To do: Everything in the listing must be repeated exactly, apart from the images.

Dataset excerpts:
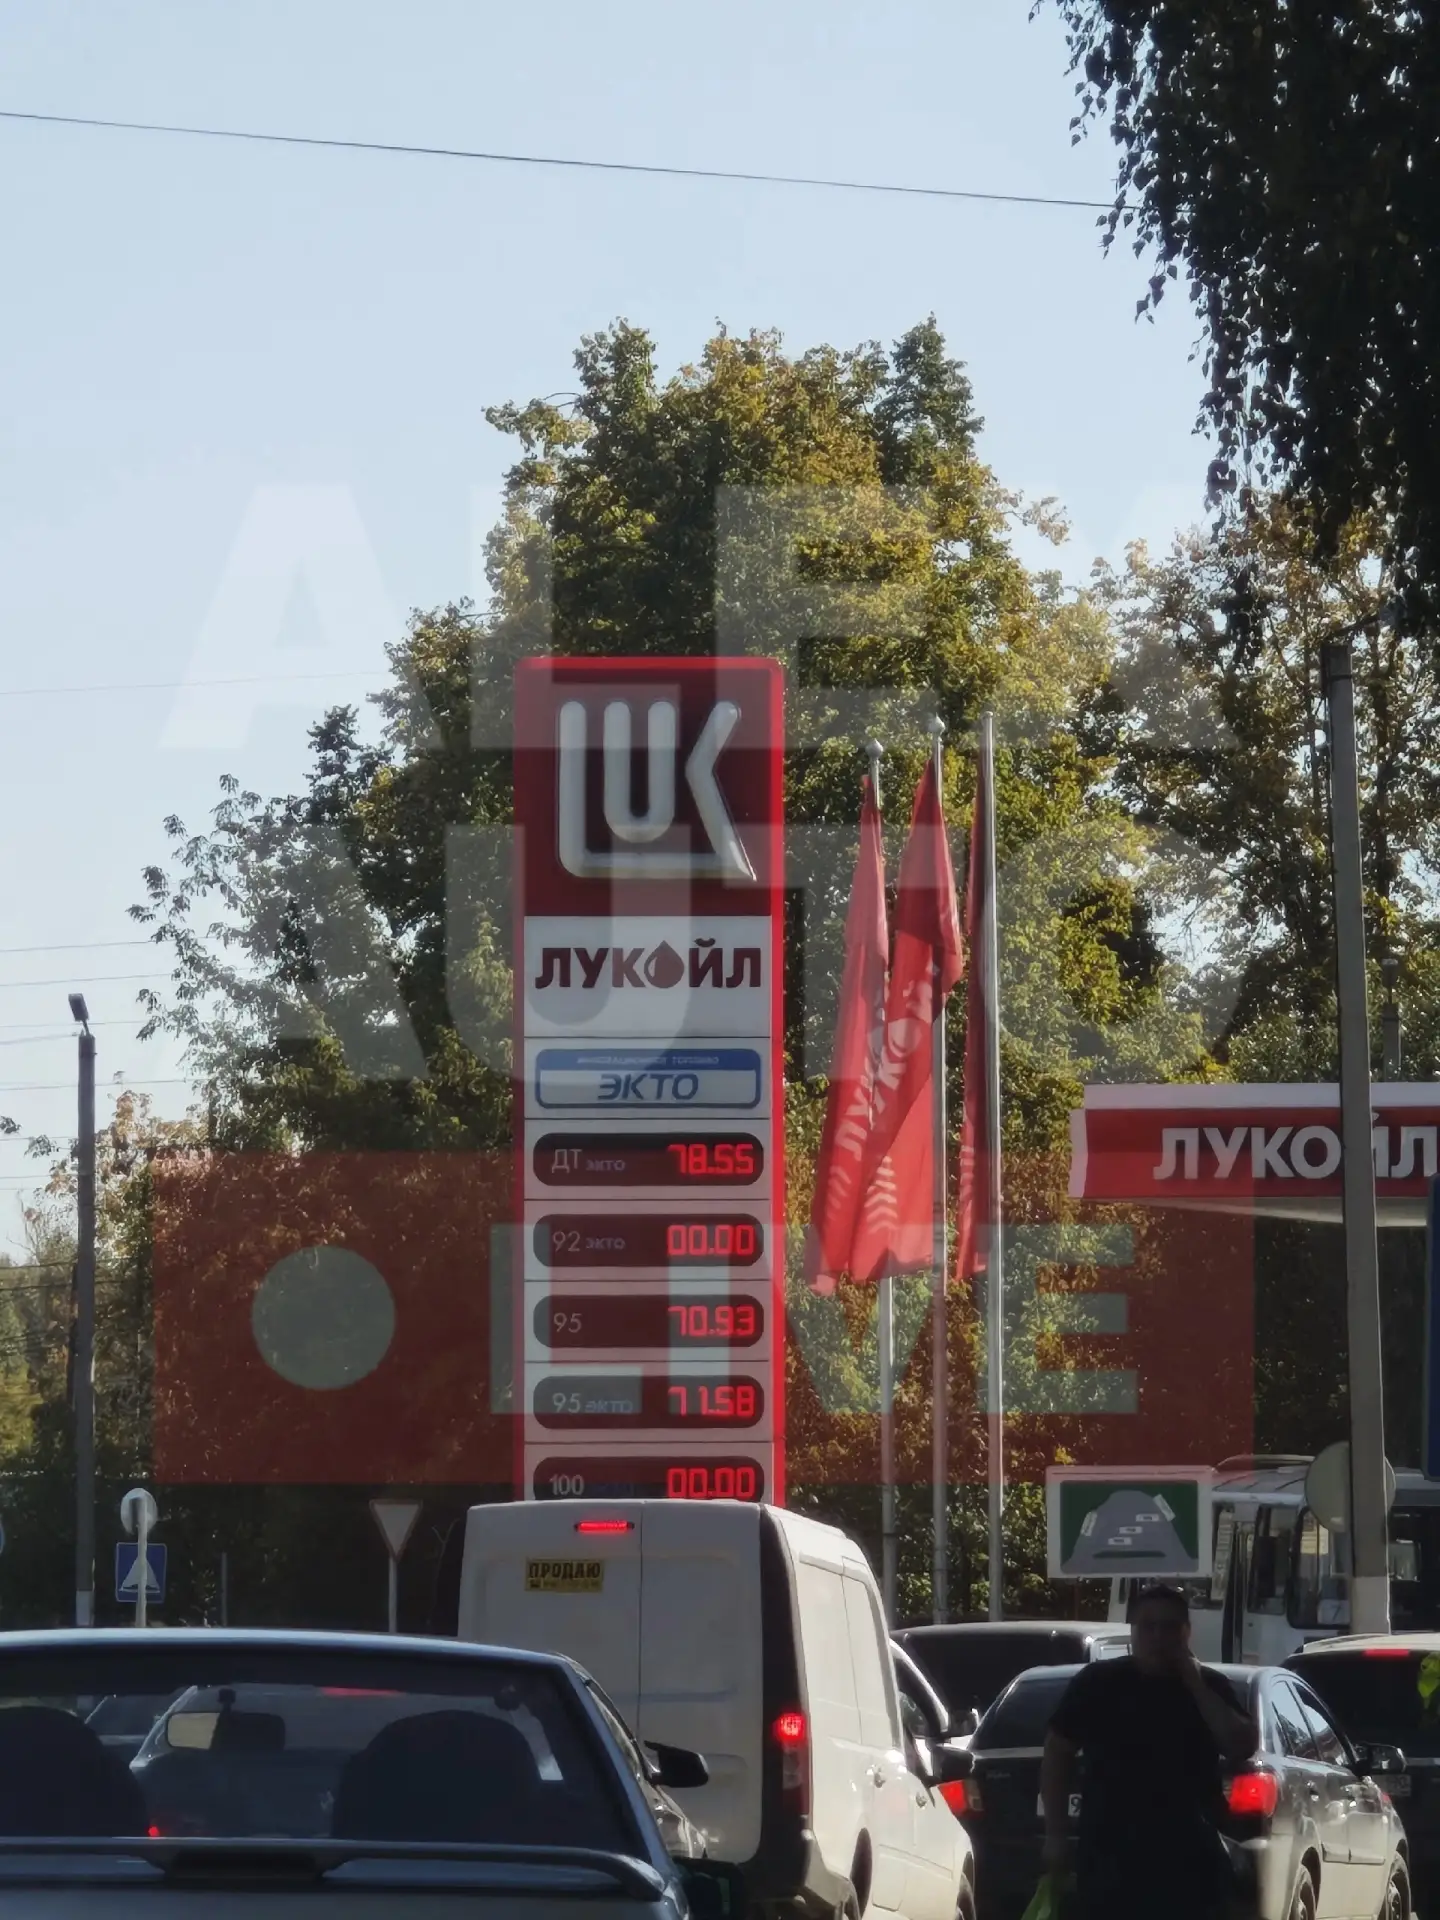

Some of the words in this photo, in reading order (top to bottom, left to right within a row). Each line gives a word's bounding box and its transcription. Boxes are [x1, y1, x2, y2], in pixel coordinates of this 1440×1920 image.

[535, 938, 761, 989] ЛУКОЙЛ
[597, 1073, 699, 1101] ЭКТО
[551, 1149, 582, 1173] ДТ
[552, 1230, 581, 1252] 92
[666, 1224, 756, 1257] 00.00
[553, 1312, 582, 1333] 95
[667, 1305, 756, 1337] 70.93
[552, 1392, 581, 1414] 95
[549, 1474, 585, 1496] 100
[666, 1467, 756, 1499] 00.00
[528, 1562, 602, 1580] ПРОДАЮ
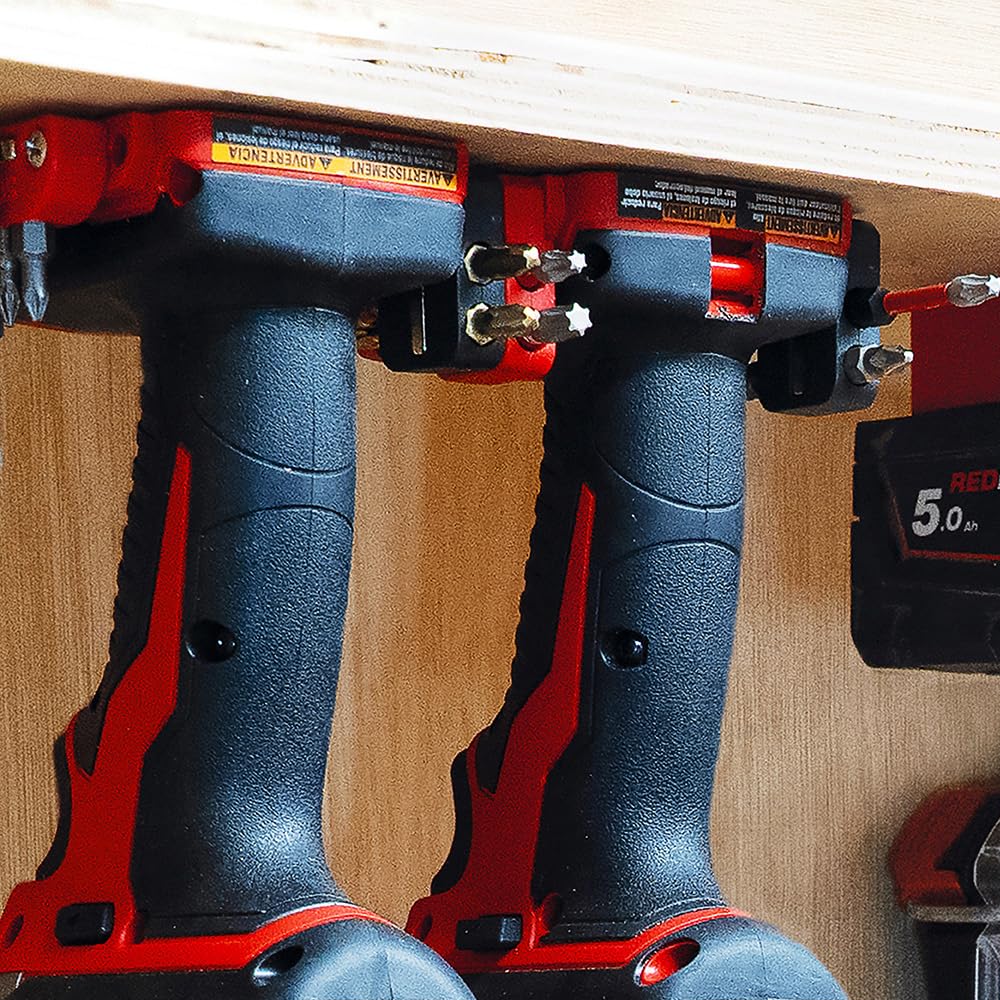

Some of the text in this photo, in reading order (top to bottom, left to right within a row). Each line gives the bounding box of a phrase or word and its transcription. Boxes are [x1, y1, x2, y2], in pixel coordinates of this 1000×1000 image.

[229, 146, 317, 169] ADVERTENCIA
[350, 161, 443, 185] AVERTISSEMENT
[911, 488, 963, 537] 5.0

Written response:
Some of the words in this photo, in reading order (top to bottom, left to right within a row). Each line gives a word's bounding box and its transcription. Boxes are [x1, y1, x2, y2], in pixel coordinates of this 1440×1920 image.

[535, 938, 761, 989] ЛУКОЙЛ
[597, 1073, 699, 1101] ЭКТО
[551, 1149, 582, 1173] ДТ
[552, 1230, 581, 1252] 92
[666, 1224, 756, 1257] 00.00
[553, 1312, 582, 1333] 95
[667, 1305, 756, 1337] 70.93
[552, 1392, 581, 1414] 95
[549, 1474, 585, 1496] 100
[666, 1467, 756, 1499] 00.00
[528, 1562, 602, 1580] ПРОДАЮ

Some of the text in this photo, in reading order (top to bottom, left to right within a row). Each line gives the bounding box of a phrase or word and its transcription. Boxes are [x1, y1, x2, y2], in pixel coordinates of this 1000×1000 image.

[229, 146, 317, 169] ADVERTENCIA
[350, 161, 443, 185] AVERTISSEMENT
[911, 488, 963, 537] 5.0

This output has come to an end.